Here, the SLD profiles presented in Fig. 4b reveal that the addition of 0.5% w/w D2O causes a stratification or partitioning of the IL boundary region at the gold interface, not previously observed for the dry solution. This is most pronounced at 0 V, where the SLD profile resembles a decaying oscillatory function extending into the bulk from the electrode interface, fitted as 3 layers. More specifically, this leads to the detection of a interstitial layer, not present for other potentials, of high SLD, and thus indicative of a high water content. Interestingly, a water rich layer has been observed previously for simulations of another pure, IL at a neutral electrode interface under humid conditions.23 While the reasons for this layer were not clear, and that the system is rather different, one can speculate as to whether this is a more general phenomenon.

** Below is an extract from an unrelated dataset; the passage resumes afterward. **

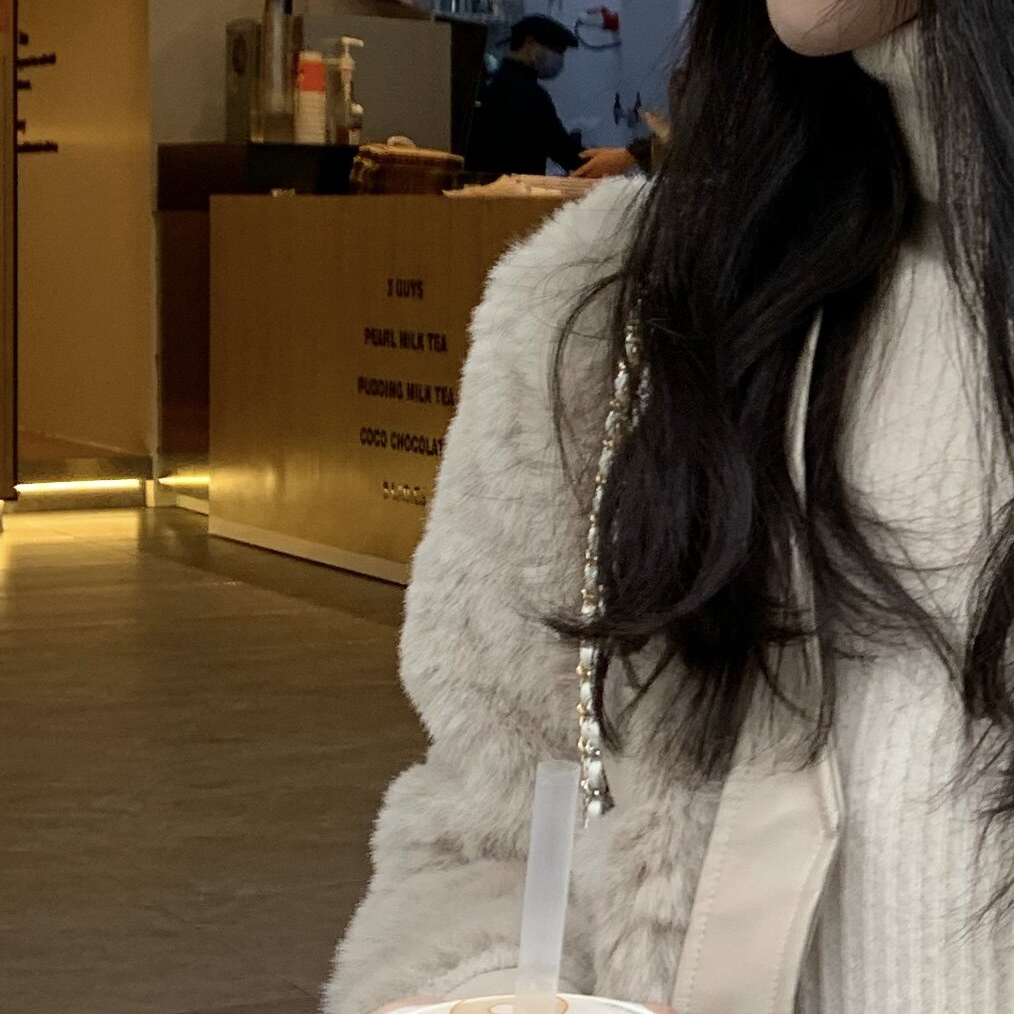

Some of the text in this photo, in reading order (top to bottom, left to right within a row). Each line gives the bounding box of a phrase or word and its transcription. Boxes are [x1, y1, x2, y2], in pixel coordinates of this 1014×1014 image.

At non-zero applied potentials the oscillatory-like function observed at 0 V is significantly dampened. Instead the interfacial region is best fit with a 2 layer model, consisting of a deep SLD minimum next to the electrode interface, followed by a weaker, second minimum of higher SLD. Contrary to that observed for the dry solution, the total thickness of the interfacial region did not vary significantly with applied potential.

For all non-zero potentials, the SLD of the IL inner layer systematically varies depending on the applied potential bias and magnitude. Consistent with a higher anion fraction (cf.Table 1), the SLD of the inner layer increases at the positive potential, whilst the SLD of the minimum decreases with increasingly negative potential, revealing a clear increase of the cation at the interface. The SLD of the second, outer layer also follows the same trend and thus suggests a “crowding structure”.

Previously, theoretical44 and experimental45 studies have similarly demonstrated that, when the electrode polarisation increases, the interfacial structure of ILs undergoes a transition from overscreening the surface charge (by a single monolayer of counterions) to crowding of counterions (more than a single monolayer). However, here, there is also clearly a dramatic change in the interfacial ordering in the presence of water.

In contrast to the dilute 5% w/w solution, the SLD profiles imply that there is a lower solvent concentration at the interface and thus it can be argued that the presence of water leads to a local increase in the dielectric properties of this region.24 This modification to the Coloumbic interactions in turn appears to favour a more discrete layering of the ions, leading to the observed stratification of the IL boundary region.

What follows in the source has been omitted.